From the data underneath, reproduce exactly the stretch that begins at the line with "this 1946×1556 image." and ends after the line with "Some of the text".

*** Opening PROVIDED INFORMATION ***

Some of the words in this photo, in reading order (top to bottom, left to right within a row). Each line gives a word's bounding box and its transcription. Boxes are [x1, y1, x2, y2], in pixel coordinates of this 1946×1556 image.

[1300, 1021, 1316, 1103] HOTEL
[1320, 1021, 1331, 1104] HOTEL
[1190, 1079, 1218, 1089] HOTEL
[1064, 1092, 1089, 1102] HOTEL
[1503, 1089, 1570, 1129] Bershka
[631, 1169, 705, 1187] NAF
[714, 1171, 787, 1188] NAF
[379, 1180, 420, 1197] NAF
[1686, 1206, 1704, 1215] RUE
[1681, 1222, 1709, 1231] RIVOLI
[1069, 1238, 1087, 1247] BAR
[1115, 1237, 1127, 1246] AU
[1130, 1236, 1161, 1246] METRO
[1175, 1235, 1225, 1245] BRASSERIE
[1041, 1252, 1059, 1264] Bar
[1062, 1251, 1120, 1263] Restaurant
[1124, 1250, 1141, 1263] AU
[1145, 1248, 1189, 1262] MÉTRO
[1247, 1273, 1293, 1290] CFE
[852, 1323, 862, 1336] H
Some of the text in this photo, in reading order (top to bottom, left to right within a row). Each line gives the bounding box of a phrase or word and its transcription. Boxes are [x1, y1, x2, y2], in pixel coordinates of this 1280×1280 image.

*** Closing PROVIDED INFORMATION ***
*** Opening PROVIDED INFORMATION ***

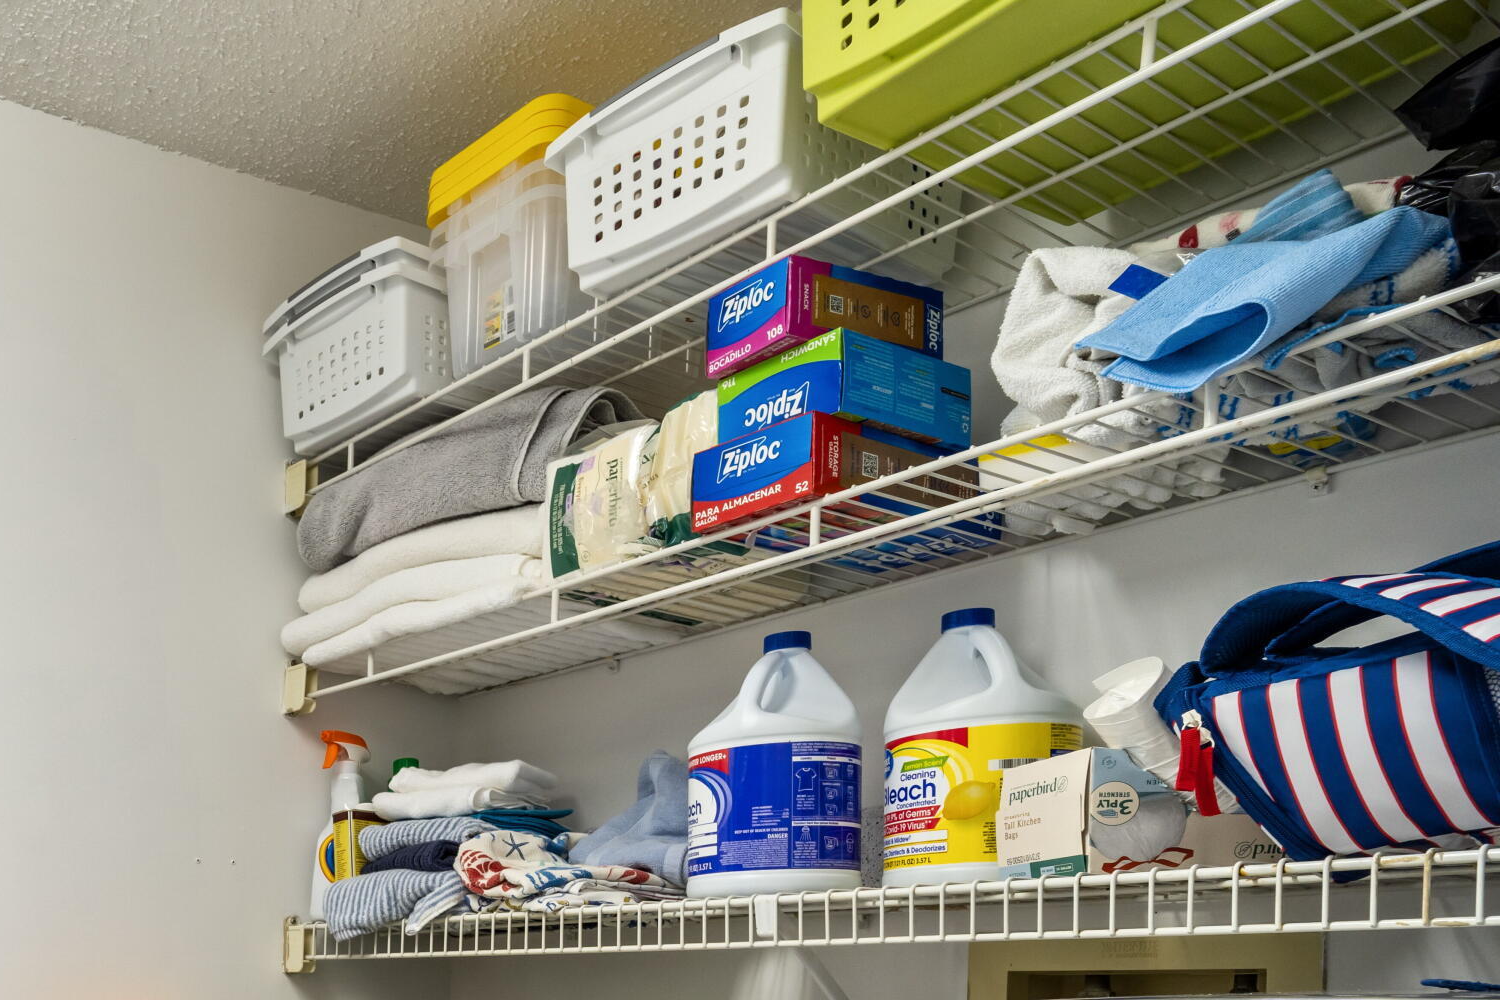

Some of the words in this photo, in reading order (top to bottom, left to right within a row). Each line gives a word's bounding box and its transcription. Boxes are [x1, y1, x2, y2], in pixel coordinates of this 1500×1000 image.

*** Closing PROVIDED INFORMATION ***

* ANSWER BELOW *
Some of the words in this photo, in reading order (top to bottom, left to right within a row). Each line gives a word's bounding box and its transcription. Boxes are [x1, y1, x2, y2], in pixel coordinates of this 1946×1556 image.

[1300, 1021, 1316, 1103] HOTEL
[1320, 1021, 1331, 1104] HOTEL
[1190, 1079, 1218, 1089] HOTEL
[1064, 1092, 1089, 1102] HOTEL
[1503, 1089, 1570, 1129] Bershka
[631, 1169, 705, 1187] NAF
[714, 1171, 787, 1188] NAF
[379, 1180, 420, 1197] NAF
[1686, 1206, 1704, 1215] RUE
[1681, 1222, 1709, 1231] RIVOLI
[1069, 1238, 1087, 1247] BAR
[1115, 1237, 1127, 1246] AU
[1130, 1236, 1161, 1246] METRO
[1175, 1235, 1225, 1245] BRASSERIE
[1041, 1252, 1059, 1264] Bar
[1062, 1251, 1120, 1263] Restaurant
[1124, 1250, 1141, 1263] AU
[1145, 1248, 1189, 1262] MÉTRO
[1247, 1273, 1293, 1290] CFE
[852, 1323, 862, 1336] H
Some of the text in this photo, in reading order (top to bottom, left to right within a row). Each line gives the bounding box of a phrase or word and its transcription. Boxes are [x1, y1, x2, y2], in pixel coordinates of this 1280×1280 image.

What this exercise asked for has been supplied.